The Trust was highlighted by NHS England as having 3 of 148 reported never events in the period from April to September 2013.

In December 2013, it was announced that despite the Furness General Hospital maternity ward deaths investigation, Cumbria Clinical Commissioning Group intends to maintain consultant-led maternity services at Furness General Hospital "for the foreseeable future".

In June 2014, the trust was placed in special measures by Monitor (NHS) after safety and leadership were rated inadequate by the Care Quality Commission. Services at Westmorland General Hospital were given an overall rating of "good", but Furness General Hospital and the Royal Lancaster Infirmary both "required improvement".
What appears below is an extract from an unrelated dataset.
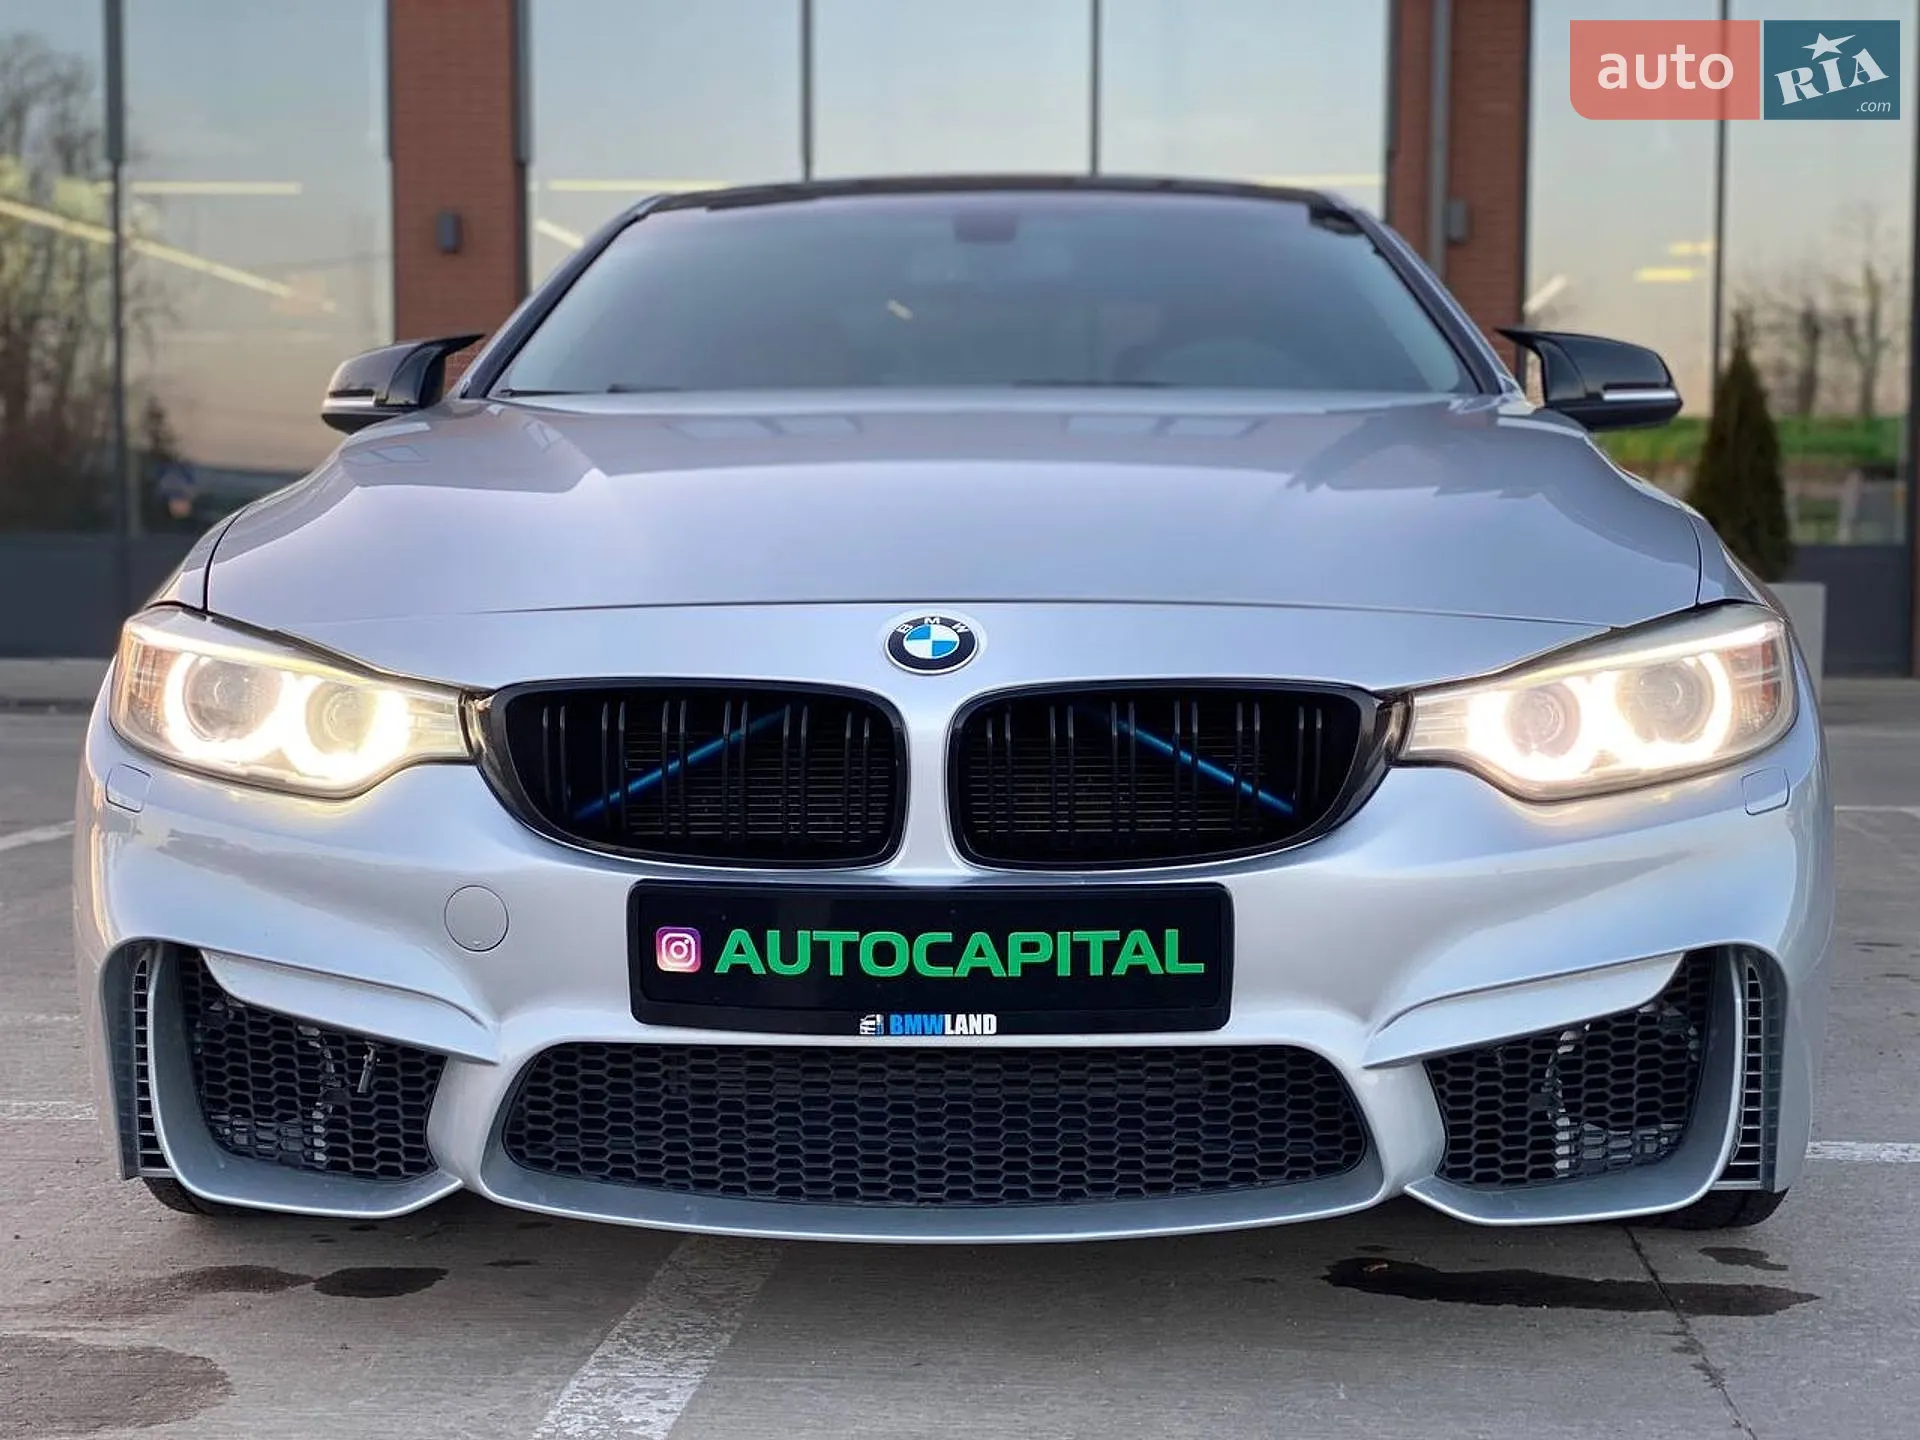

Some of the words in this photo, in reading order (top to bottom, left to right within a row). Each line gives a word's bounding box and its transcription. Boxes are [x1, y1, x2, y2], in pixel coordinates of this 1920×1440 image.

[896, 617, 969, 633] BMW
[714, 929, 1205, 978] AUTOCAPITAL
[889, 1014, 997, 1035] BMWLAND
In February 2015, it was announced that the Clinical Commissioning Groups planned for inpatient elective surgery at Westmorland General Hospital to be transferred to Royal Lancaster Infirmary and Furness General Hospital.

The trust decided in October 2015 to contract out its outpatient pharmacy services to a private provider.
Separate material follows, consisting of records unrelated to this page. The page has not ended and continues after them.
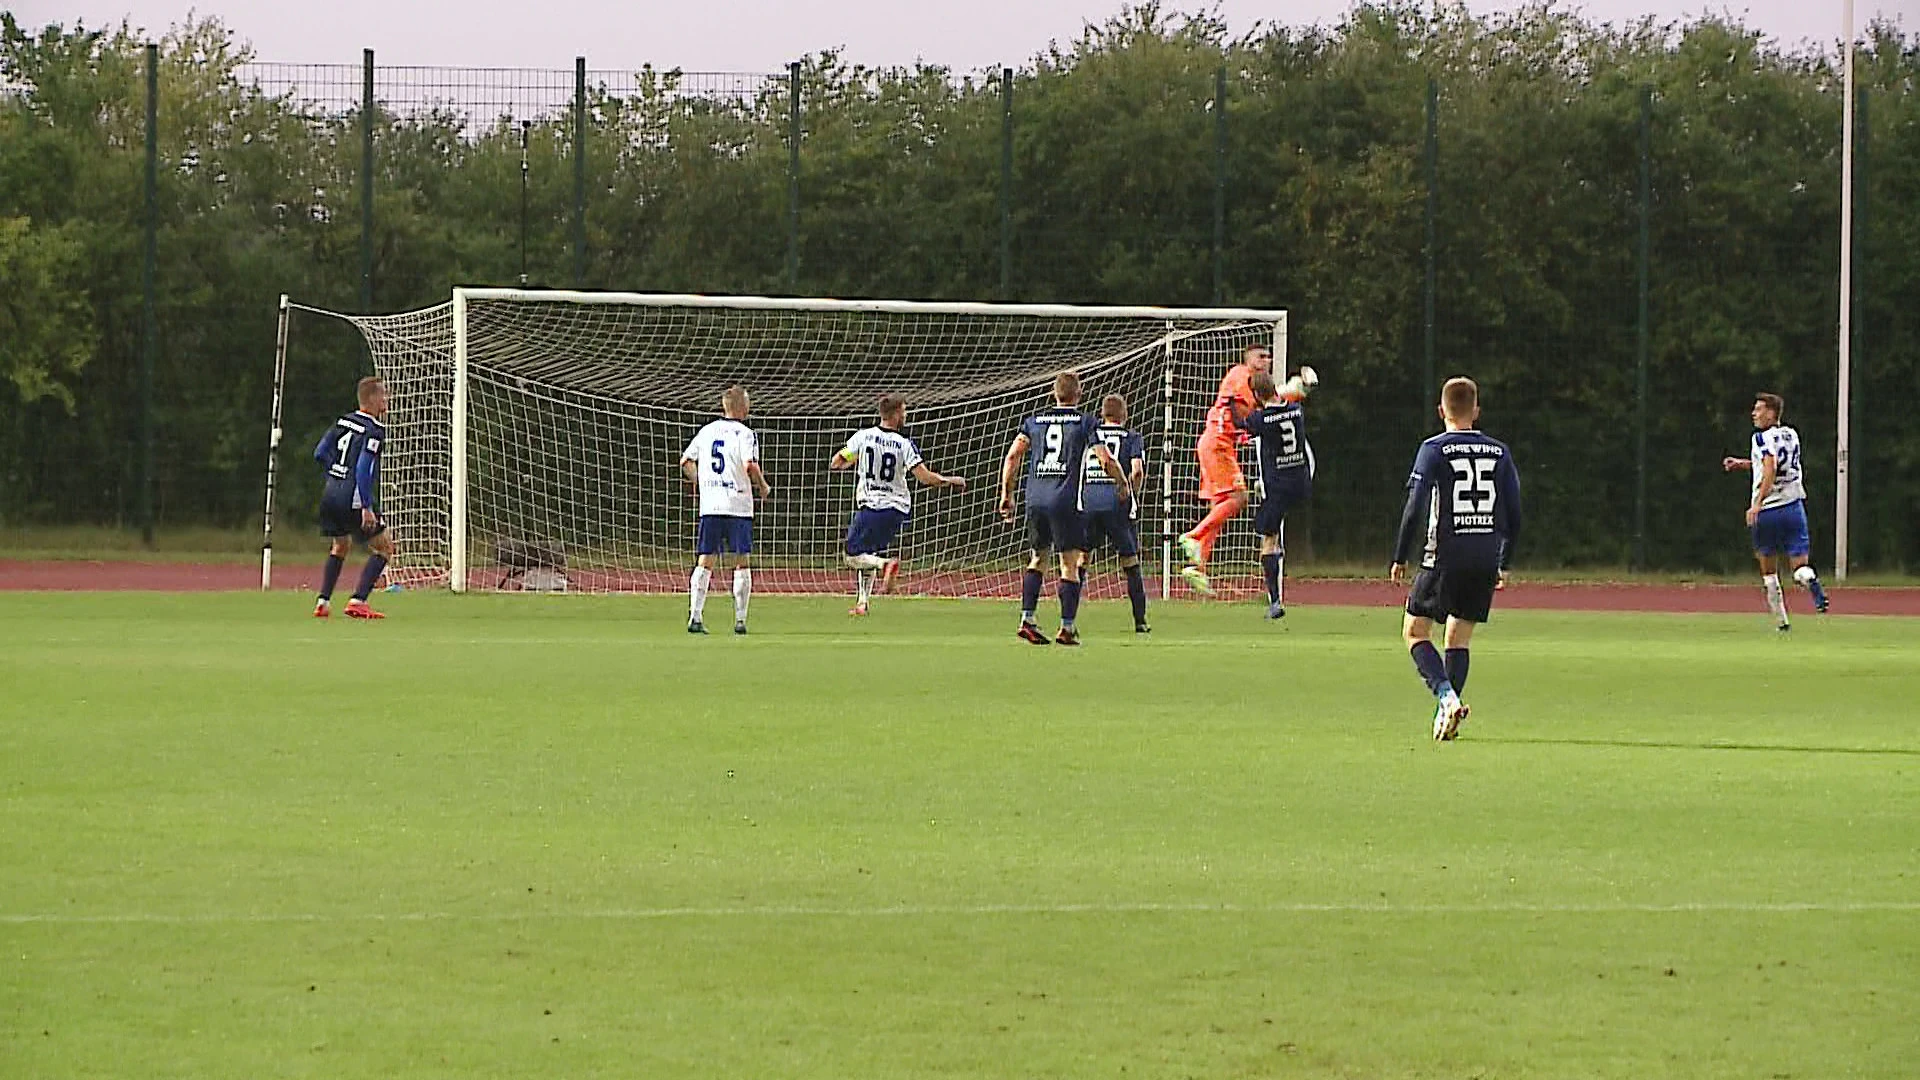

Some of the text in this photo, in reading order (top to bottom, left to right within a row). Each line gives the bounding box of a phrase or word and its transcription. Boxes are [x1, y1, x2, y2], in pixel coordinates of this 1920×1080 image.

[338, 430, 353, 465] 4
[1045, 424, 1063, 462] 9
[1280, 420, 1297, 454] 3
[712, 440, 725, 474] 5
[866, 446, 896, 482] 18
[1449, 458, 1497, 513] 25
[1454, 515, 1494, 526] PIOTREX
In 2014/5, the trust was given a loan of £21 million by the Department of Health which is supposed to be paid back in five years. It spent 7.2% of its total turnover on agency staff in 2014/5.

The trust was taken out of special measures in December 2015 after a further inspection.

==NHS Tariff==
In August 2014, it was announced that the Trust would make an application to Monitor (NHS) for an increase in the prices paid for treatment by the NHS because its remote location made it impossible to manage within the national Payment by Results tariff.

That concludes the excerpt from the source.